CREATE TABLE [tests].[ETLLogDurationHistory](
	[ETLLogDurationHistoryID] [int] IDENTITY(1,1) NOT NULL,
	[ETLName] [varchar](250) NOT NULL,
	[DateRun] [date] NOT NULL,
	[TimeRun] [time](7) NOT NULL,
	[Duration] [time](0) NOT NULL,
	[DurationInt] [int] NOT NULL,
	[ETLOutcome] [varchar](250) NOT NULL,
	[IsError] [bit] NULL,
	[Sensitivity] [decimal](18, 3) NULL,
	[CurrCntSigma] [decimal](18, 5) NULL,
 CONSTRAINT [PK_ETLLogDurationHistory] PRIMARY KEY CLUSTERED 
(
	[ETLLogDurationHistoryID] ASC
)WITH (PAD_INDEX = OFF, STATISTICS_NORECOMPUTE = OFF, IGNORE_DUP_KEY = OFF, ALLOW_ROW_LOCKS = ON, ALLOW_PAGE_LOCKS = ON) ON [PRIMARY]
) ON [PRIMARY]

Step 4:
You need to create a table to store the error details that were detected for the ETL duration anomalies.

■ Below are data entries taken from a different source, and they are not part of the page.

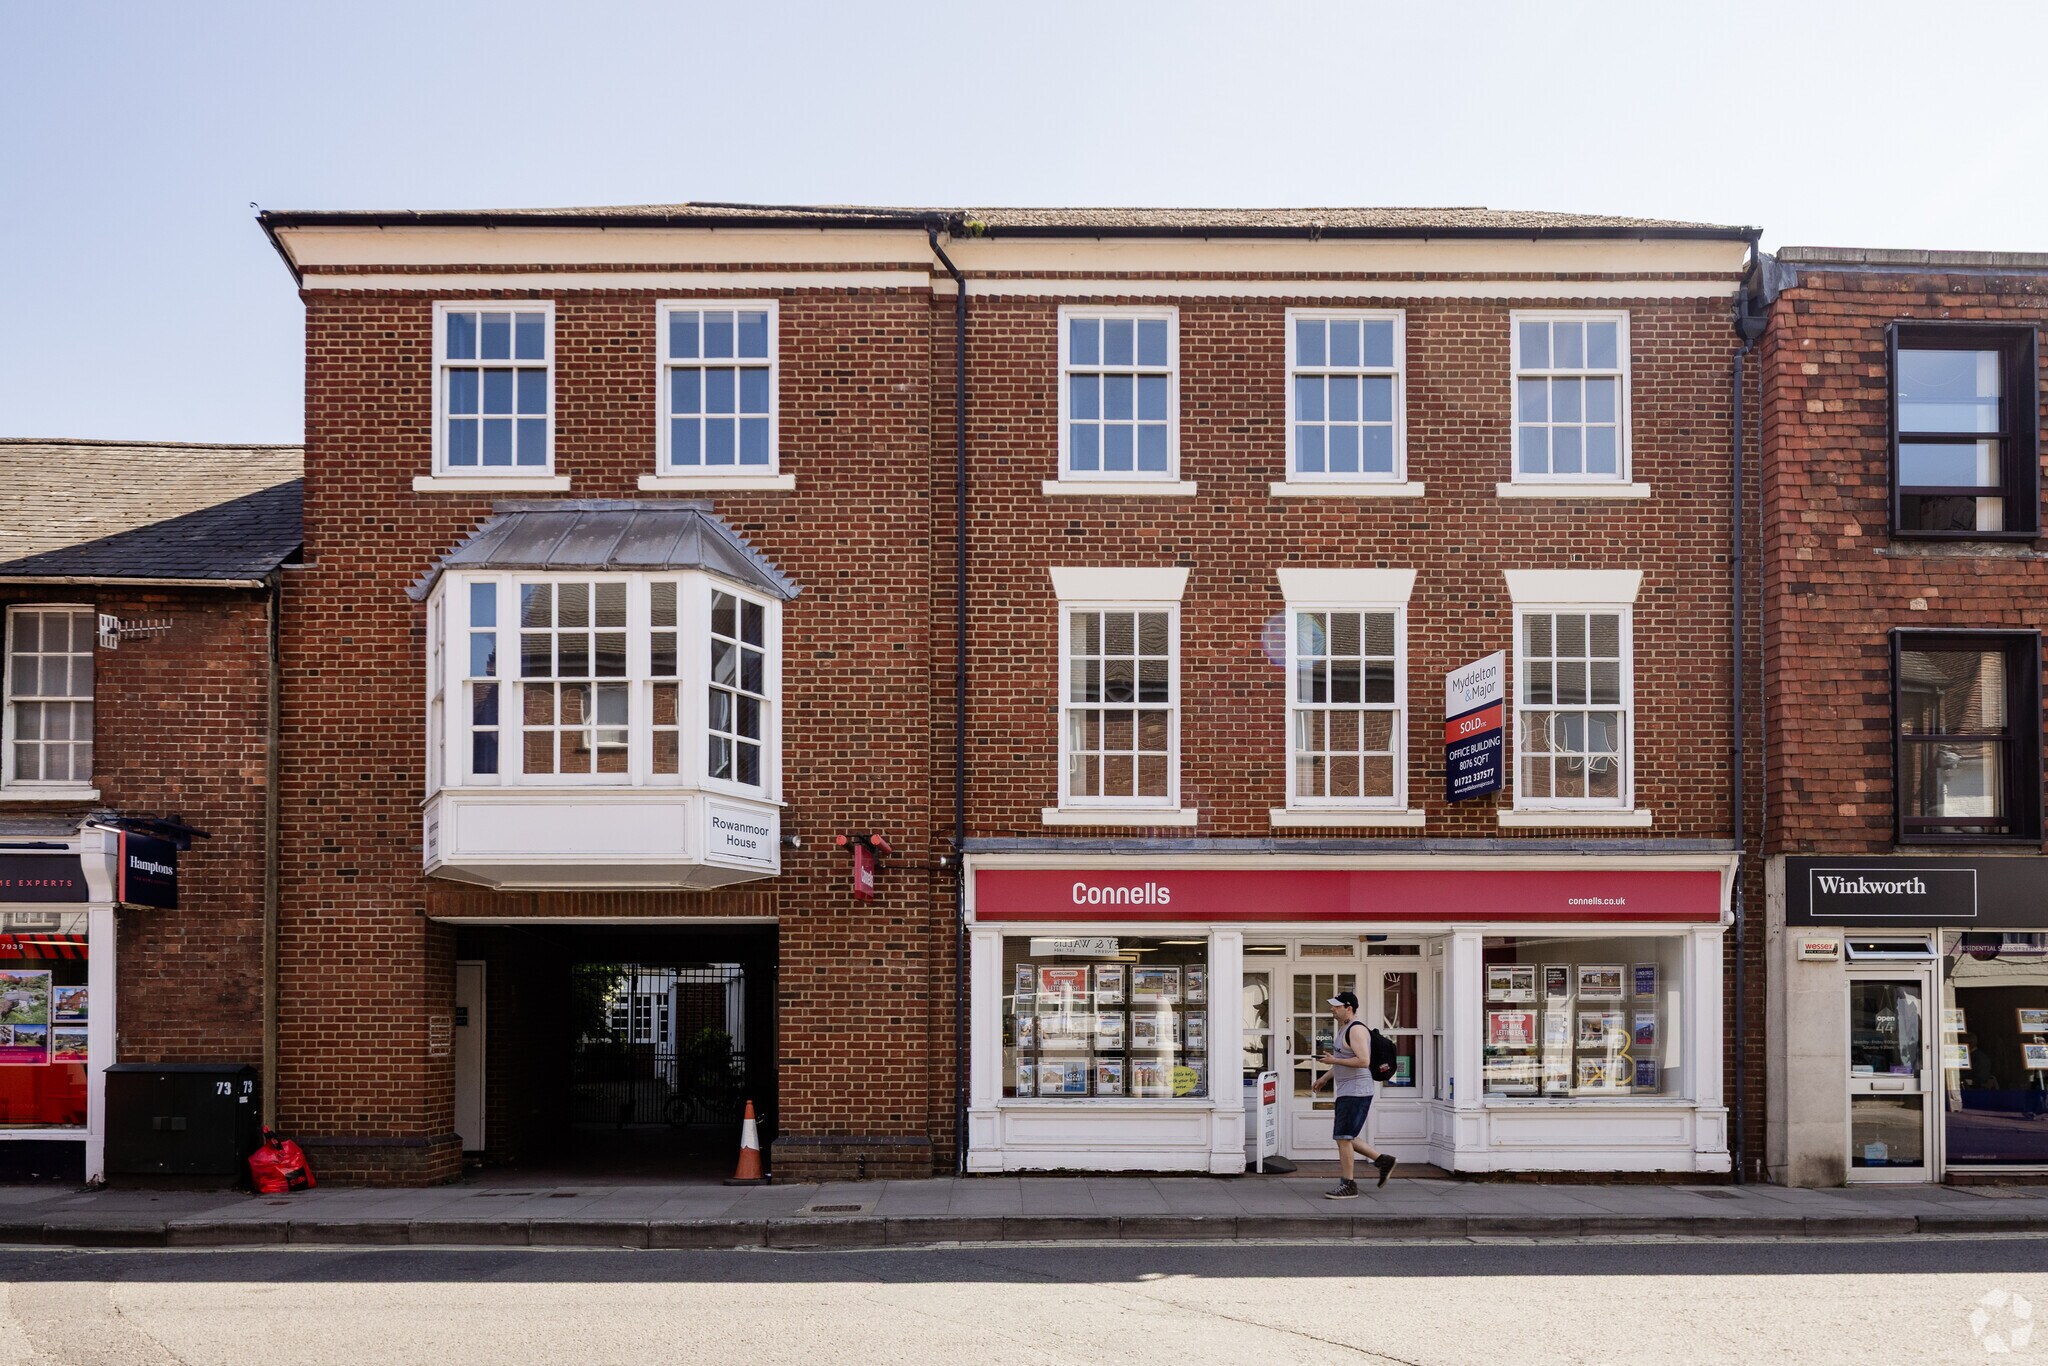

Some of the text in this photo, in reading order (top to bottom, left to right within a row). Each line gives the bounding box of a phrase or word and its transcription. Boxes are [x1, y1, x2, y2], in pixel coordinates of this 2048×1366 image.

[1452, 665, 1497, 693] Myddelton
[1460, 717, 1481, 735] SOLD
[1449, 736, 1501, 761] OFFICE BUILDING
[1459, 753, 1490, 771] 8076 SQFT
[1454, 768, 1495, 787] 01722 337577
[712, 816, 769, 837] Rowanmoor
[726, 834, 757, 849] House
[130, 855, 173, 875] Hamptons
[1072, 882, 1171, 905] Connells
[1817, 876, 1927, 895] Winkworth
[1568, 897, 1626, 905] connells.co.uk
[216, 1082, 232, 1095] 73
[243, 1080, 253, 1093] 73

CREATE TABLE [tests].[TestFailureLog](
	[TestFailureLogID] [int] IDENTITY(1,1) NOT NULL,
	[TestDate] [date] NOT NULL,
	[TestTime] [time](7) NOT NULL,
	[TestCollection] [varchar](100) NOT NULL,
	[TestName] [varchar](300) NOT NULL,
 CONSTRAINT [PK_TestFailureLog] PRIMARY KEY CLUSTERED 
(
	[TestFailureLogID] ASC
)WITH (PAD_INDEX = OFF, STATISTICS_NORECOMPUTE = OFF, IGNORE_DUP_KEY = OFF, ALLOW_ROW_LOCKS = ON, ALLOW_PAGE_LOCKS = ON) ON [PRIMARY]
) ON [PRIMARY]

Step 5:
Create the proc to detect the ETL duration anomalies. This proc will also insert into the history table to keep track of how long ETLs ran for in order to work out whether there is an anomaly or not.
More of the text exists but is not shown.